___ Source information
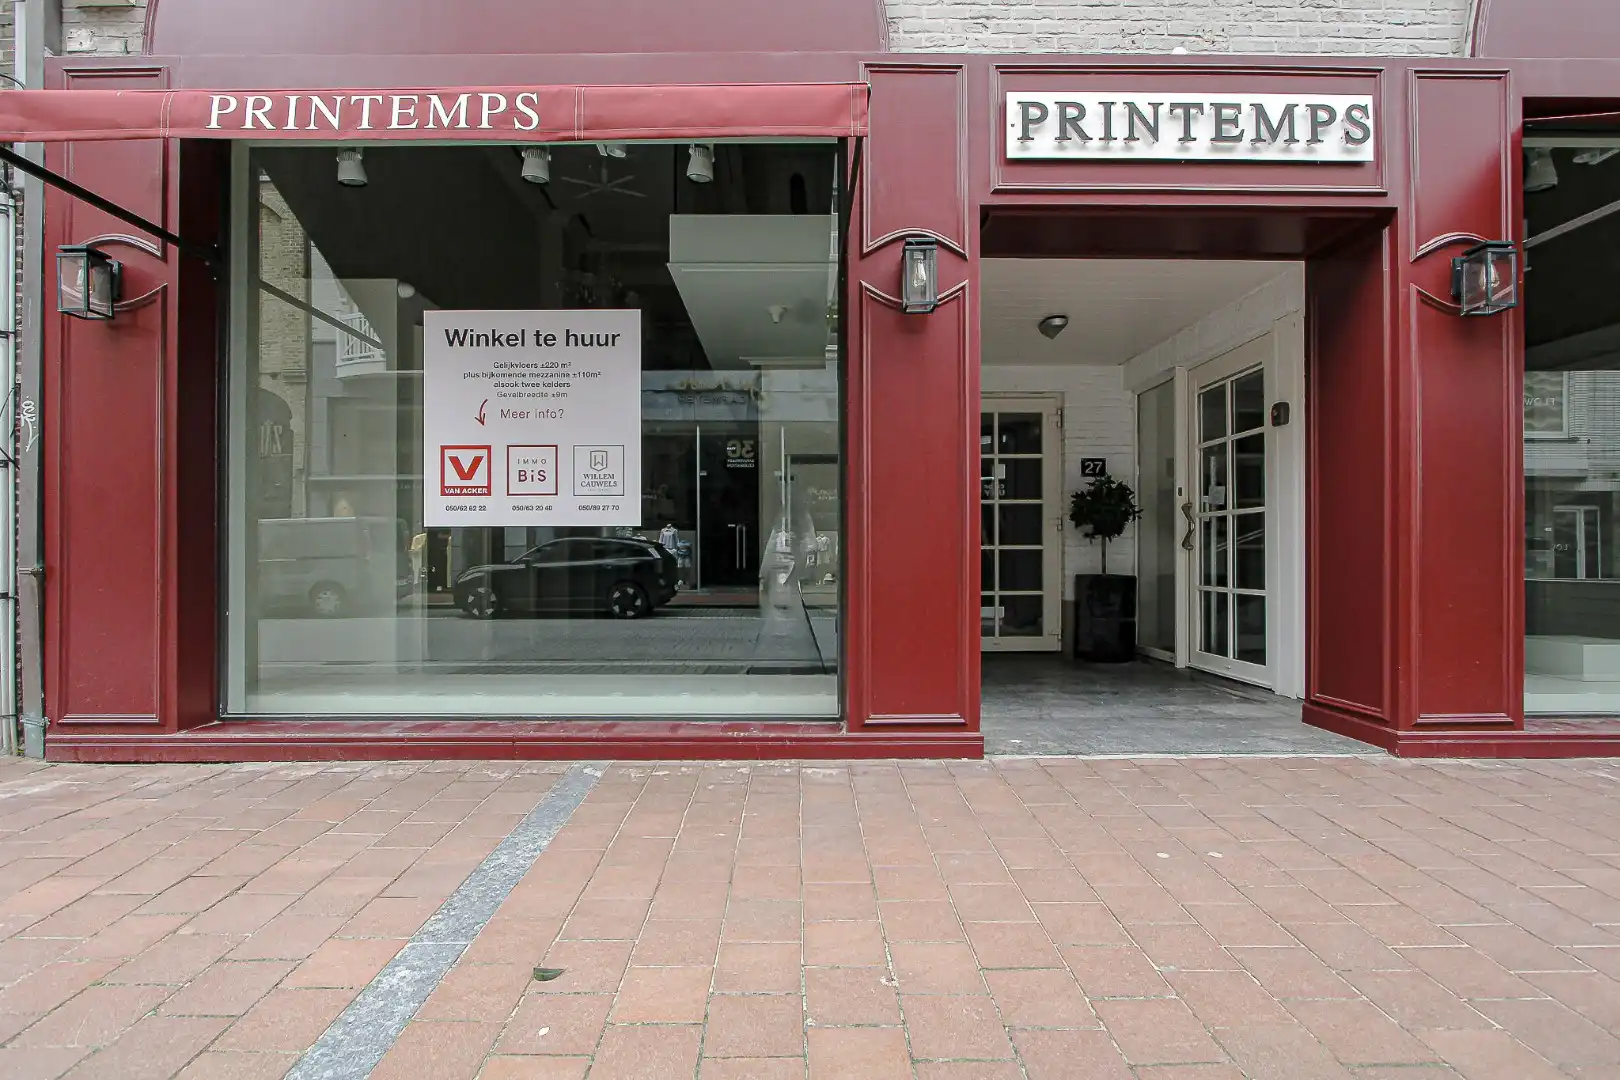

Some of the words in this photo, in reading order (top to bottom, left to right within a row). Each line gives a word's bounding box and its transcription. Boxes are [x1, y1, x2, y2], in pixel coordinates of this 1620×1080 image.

[206, 92, 541, 131] PRINTEMPS
[1018, 101, 1373, 146] PRINTEMPS
[445, 328, 525, 347] Winkel
[533, 329, 557, 347] te
[565, 328, 621, 347] huur
[493, 361, 539, 370] Gelijkvloers
[463, 372, 480, 380] plus
[481, 372, 527, 380] bijkomende
[500, 408, 531, 419] Meer
[535, 408, 564, 419] info?
[1084, 461, 1103, 474] 27
[518, 469, 547, 483] BiS
[580, 480, 618, 488] CAUWELS
[445, 504, 468, 512] 050/62
[469, 504, 477, 512] 62
[478, 504, 487, 512] 22
[512, 504, 534, 512] 050/63
[535, 504, 544, 512] 20
[545, 504, 553, 512] 40
[601, 504, 610, 512] 27
[611, 504, 620, 512] 70
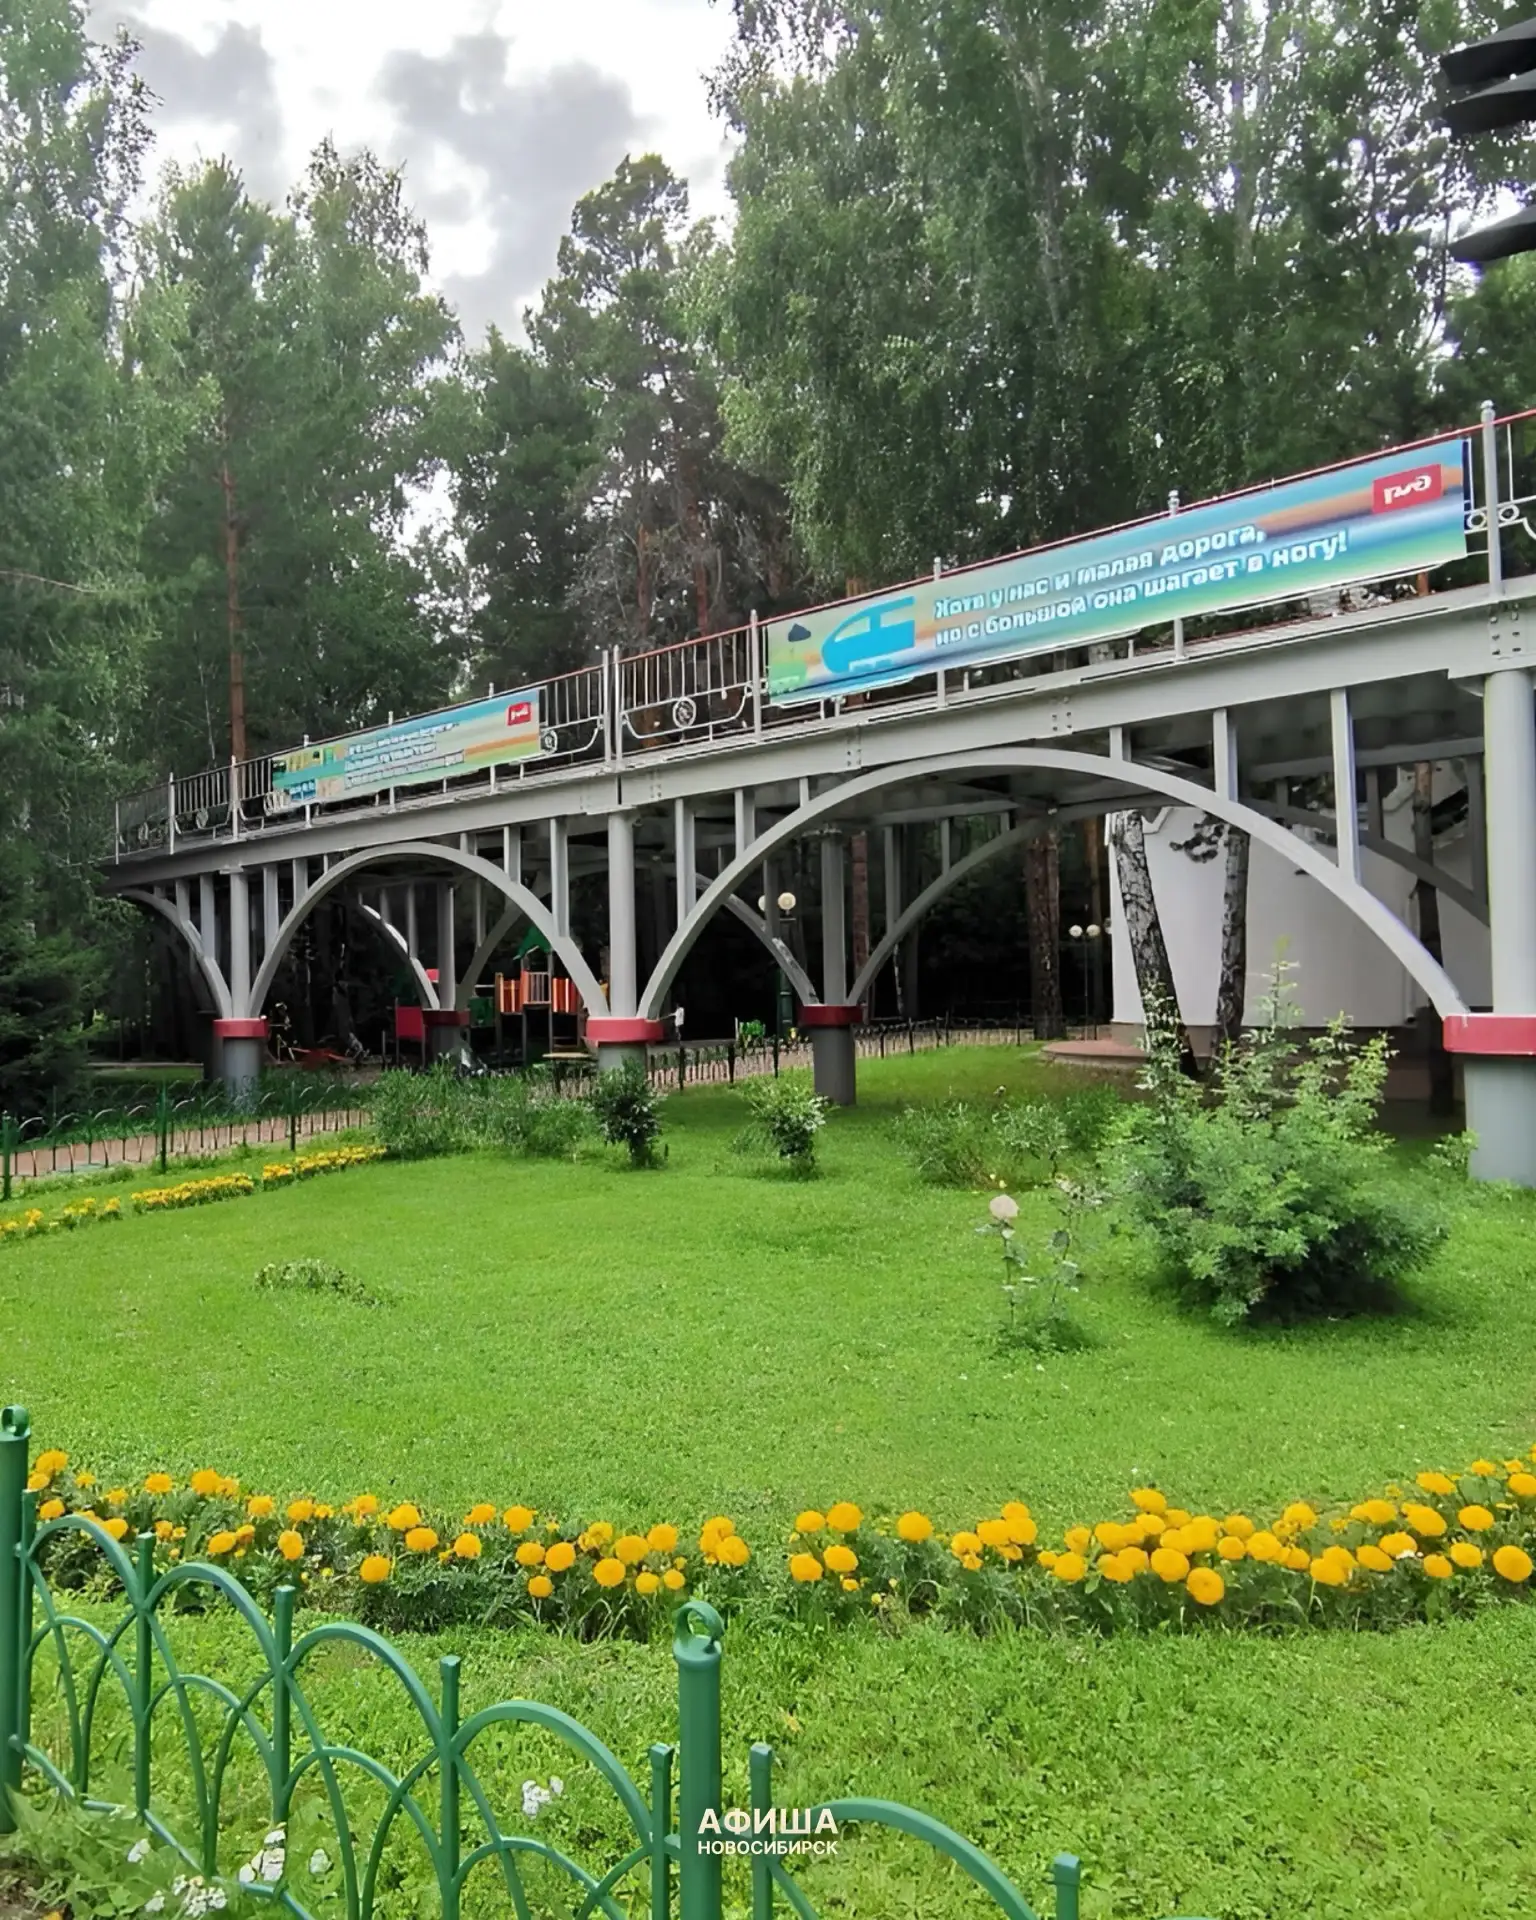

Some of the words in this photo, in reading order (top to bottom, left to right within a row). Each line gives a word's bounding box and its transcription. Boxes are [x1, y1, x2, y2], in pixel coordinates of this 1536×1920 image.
______
Set the records down again exactly as given, and leave the pictures out.

Some of the words in this photo, in reading order (top to bottom, left to right within a row). Each line gives a word's bounding box and its transcription. Boxes are [x1, y1, x2, y2], in pixel coordinates of this 1620×1080 image.

[206, 92, 541, 131] PRINTEMPS
[1018, 101, 1373, 146] PRINTEMPS
[445, 328, 525, 347] Winkel
[533, 329, 557, 347] te
[565, 328, 621, 347] huur
[493, 361, 539, 370] Gelijkvloers
[463, 372, 480, 380] plus
[481, 372, 527, 380] bijkomende
[500, 408, 531, 419] Meer
[535, 408, 564, 419] info?
[1084, 461, 1103, 474] 27
[518, 469, 547, 483] BiS
[580, 480, 618, 488] CAUWELS
[445, 504, 468, 512] 050/62
[469, 504, 477, 512] 62
[478, 504, 487, 512] 22
[512, 504, 534, 512] 050/63
[535, 504, 544, 512] 20
[545, 504, 553, 512] 40
[601, 504, 610, 512] 27
[611, 504, 620, 512] 70

Some of the words in this photo, in reading order (top to bottom, left to right within a row). Each line gives a word's bounding box and its transcription. Boxes are [x1, y1, x2, y2], in pixel coordinates of this 1536×1920 image.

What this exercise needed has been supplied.